Resistance and susceptibility of mice to systemic infection with the fungus Candida albicans are associated with the preferential expansion of Th1 and Th2 cells, respectively. In this study, endogenous production of TGF-beta was found to be increased soon after infection of healer mice with a live vaccine strain of the fungus, but down-regulated in nonhealer mice with virulent yeast challenge. Although not affecting the outcome of primary challenge, serologic ablation of TGF-beta in the former animals abrogated development of acquired resistance and resulted in impaired production of IL-12/IFN-gamma and higher expression of IL-4/IL-10 at the time of reinfection with virulent yeast. A CD4+ population expressing the memory phenotype, CD44highMEL-14low, which appeared to be expanded by yeast infection of nonhealer mice, was similarly increased in the healer mice by anti-TGF-beta treatment. In vitro rTGF-beta impaired the candidacidal function of IFN-gamma-activated macrophages.
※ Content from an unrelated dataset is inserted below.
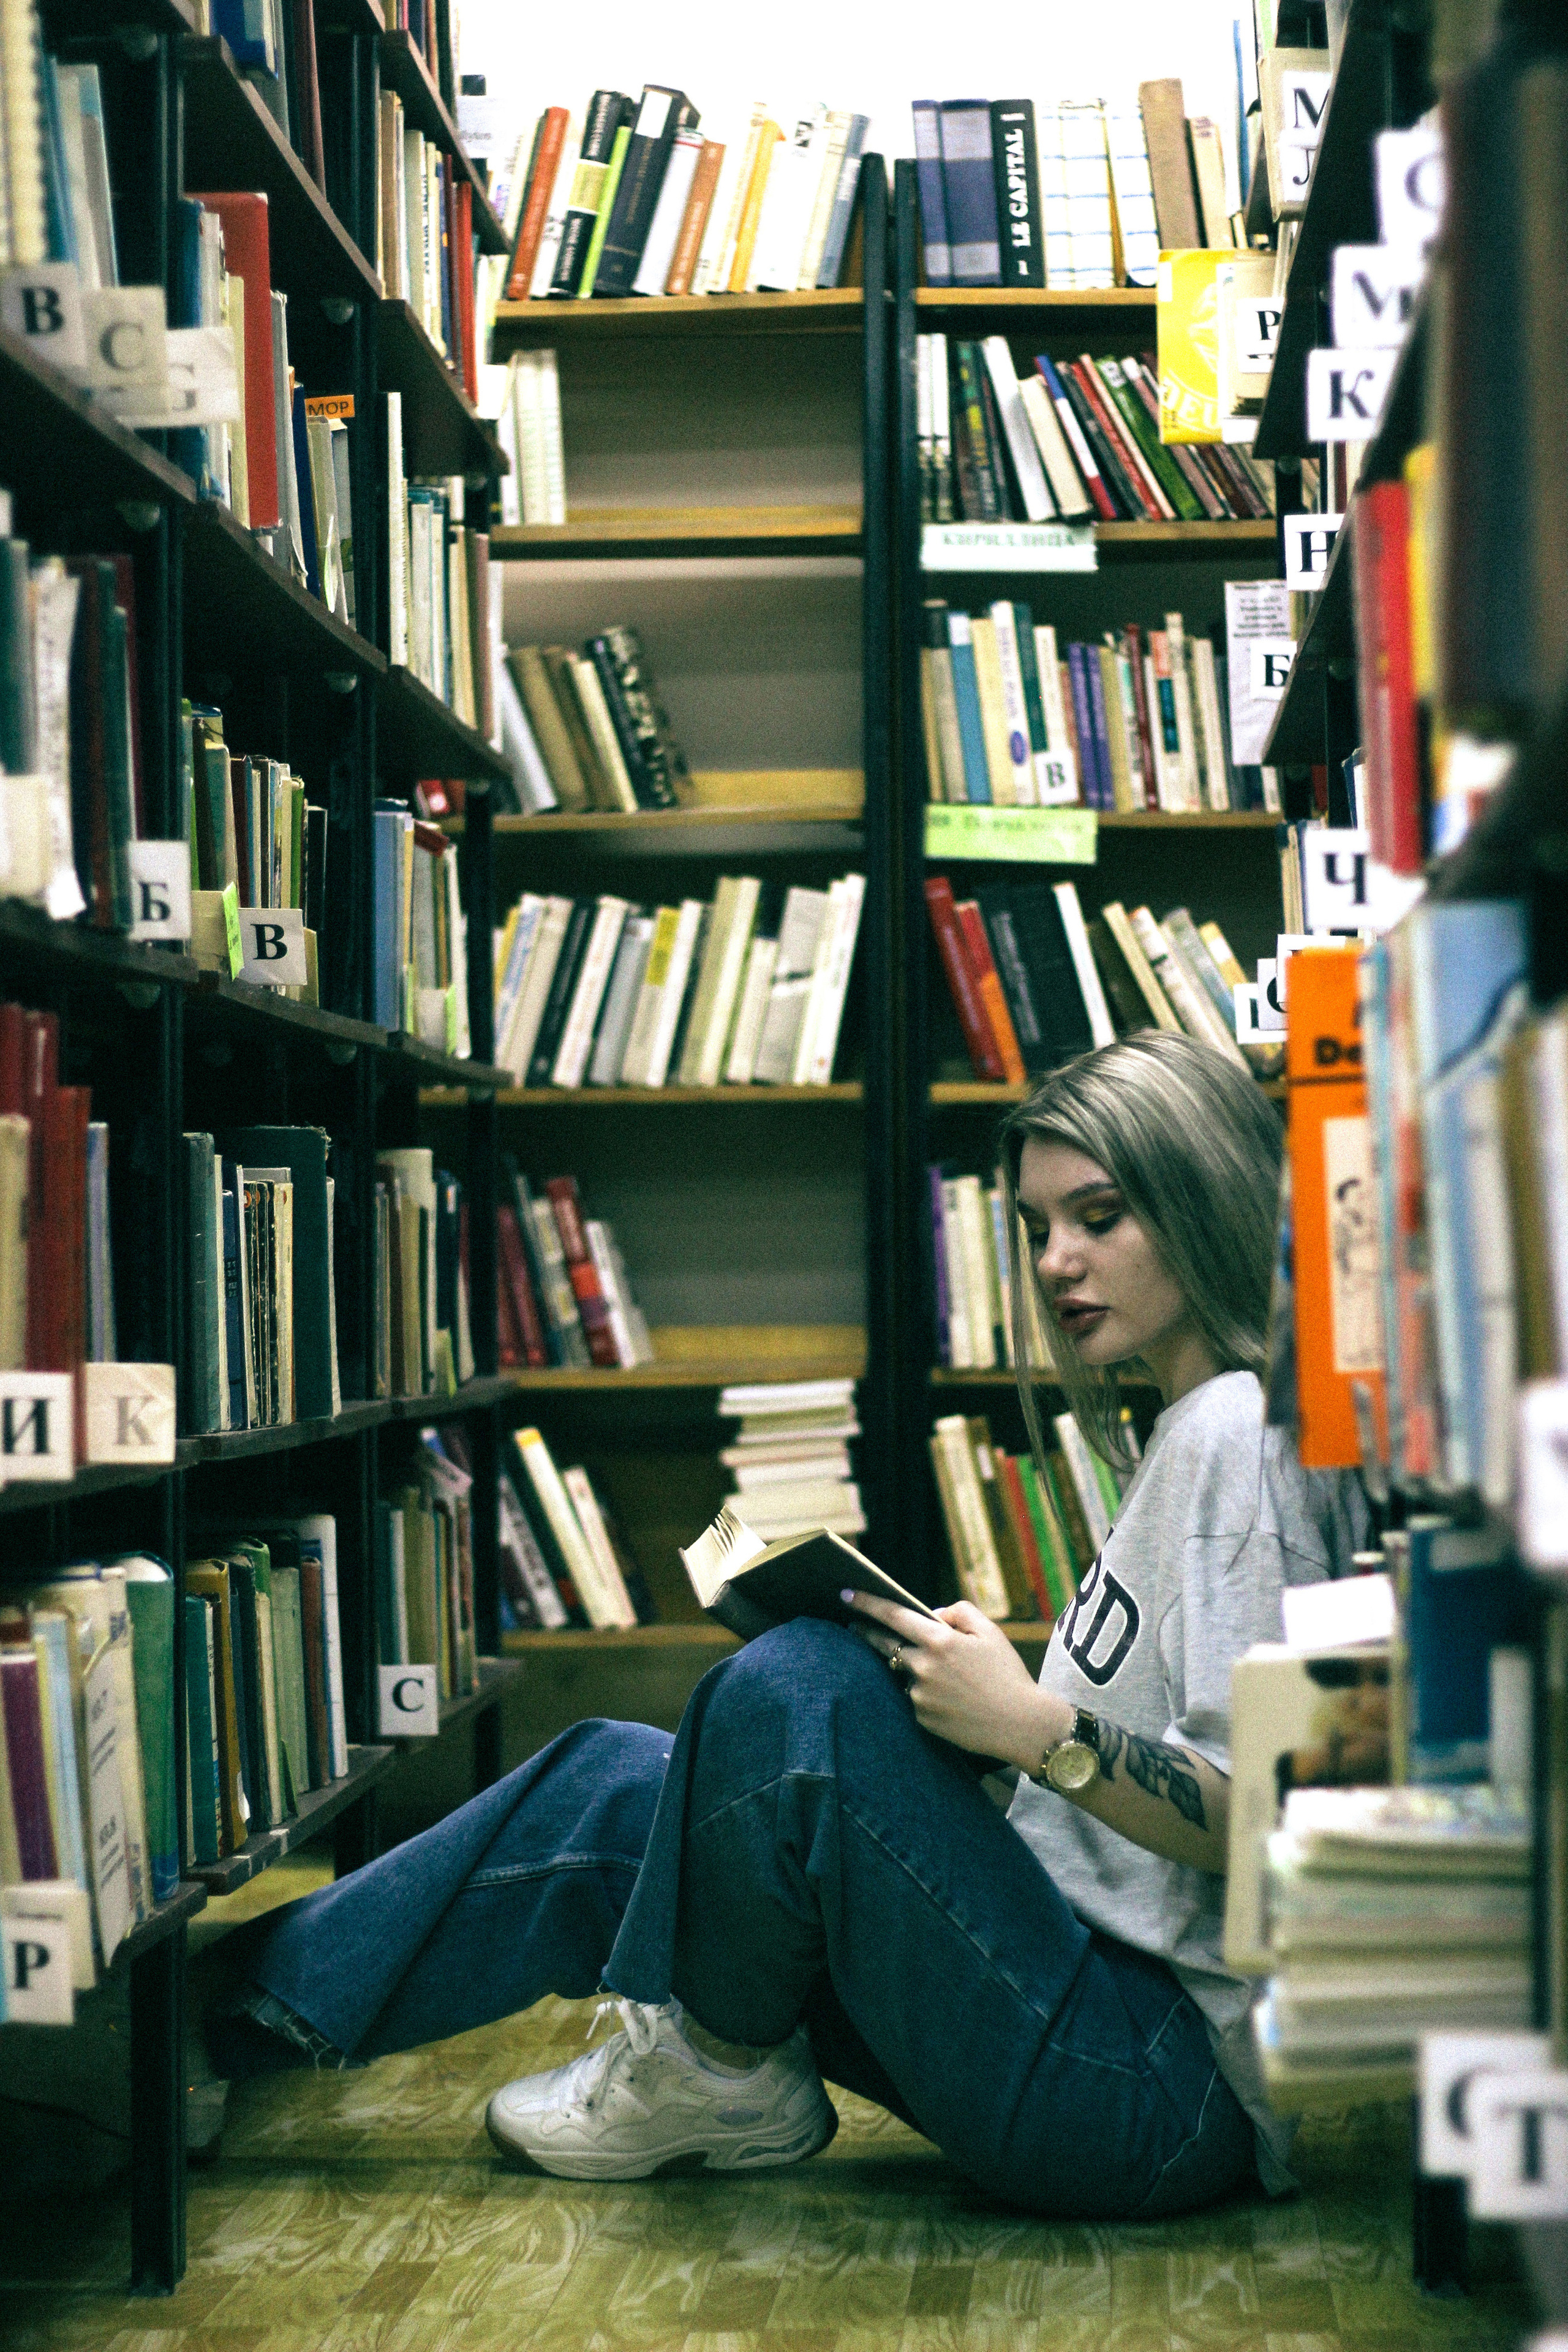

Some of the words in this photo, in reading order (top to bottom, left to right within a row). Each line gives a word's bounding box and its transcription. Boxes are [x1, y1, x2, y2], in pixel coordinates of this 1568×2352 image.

Yet in nonhealer mice infected with virulent C. albicans, administration of rTGF-beta delayed progression of the disease, which was concomitant with the detection of lower levels of IL-4. In addition to previous evidence for an obligatory role of IFN-gamma and IL-12 in Candida-driven Th1 cell differentiation in vivo, the present data establish TGF-beta as a third cytokine, the presence of which may be required for optimal Th1 development leading to long-lived anticandidal resistance.